RECORDS TO USE
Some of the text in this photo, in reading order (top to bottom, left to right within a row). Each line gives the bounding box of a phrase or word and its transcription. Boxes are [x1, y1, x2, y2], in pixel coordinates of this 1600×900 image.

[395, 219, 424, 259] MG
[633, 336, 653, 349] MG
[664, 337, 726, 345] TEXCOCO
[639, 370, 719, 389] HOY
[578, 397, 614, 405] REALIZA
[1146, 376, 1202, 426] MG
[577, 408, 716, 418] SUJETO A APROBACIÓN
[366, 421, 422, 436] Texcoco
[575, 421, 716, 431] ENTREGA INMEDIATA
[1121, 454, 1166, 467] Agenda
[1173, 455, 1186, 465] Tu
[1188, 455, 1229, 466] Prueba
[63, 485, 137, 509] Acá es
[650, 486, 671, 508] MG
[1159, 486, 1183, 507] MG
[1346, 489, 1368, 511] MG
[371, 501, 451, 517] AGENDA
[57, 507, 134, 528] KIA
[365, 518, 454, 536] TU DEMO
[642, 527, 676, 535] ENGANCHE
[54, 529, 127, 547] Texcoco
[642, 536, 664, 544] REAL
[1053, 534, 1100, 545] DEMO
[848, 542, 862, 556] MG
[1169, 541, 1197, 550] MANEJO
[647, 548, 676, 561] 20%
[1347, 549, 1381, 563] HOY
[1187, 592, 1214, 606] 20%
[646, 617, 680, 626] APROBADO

TASK PROMPT
Write the records above out again precisely.

EXERCISE RESPONSE
Some of the text in this photo, in reading order (top to bottom, left to right within a row). Each line gives the bounding box of a phrase or word and its transcription. Boxes are [x1, y1, x2, y2], in pixel coordinates of this 1600×900 image.

[395, 219, 424, 259] MG
[633, 336, 653, 349] MG
[664, 337, 726, 345] TEXCOCO
[639, 370, 719, 389] HOY
[578, 397, 614, 405] REALIZA
[1146, 376, 1202, 426] MG
[577, 408, 716, 418] SUJETO A APROBACIÓN
[366, 421, 422, 436] Texcoco
[575, 421, 716, 431] ENTREGA INMEDIATA
[1121, 454, 1166, 467] Agenda
[1173, 455, 1186, 465] Tu
[1188, 455, 1229, 466] Prueba
[63, 485, 137, 509] Acá es
[650, 486, 671, 508] MG
[1159, 486, 1183, 507] MG
[1346, 489, 1368, 511] MG
[371, 501, 451, 517] AGENDA
[57, 507, 134, 528] KIA
[365, 518, 454, 536] TU DEMO
[642, 527, 676, 535] ENGANCHE
[54, 529, 127, 547] Texcoco
[642, 536, 664, 544] REAL
[1053, 534, 1100, 545] DEMO
[848, 542, 862, 556] MG
[1169, 541, 1197, 550] MANEJO
[647, 548, 676, 561] 20%
[1347, 549, 1381, 563] HOY
[1187, 592, 1214, 606] 20%
[646, 617, 680, 626] APROBADO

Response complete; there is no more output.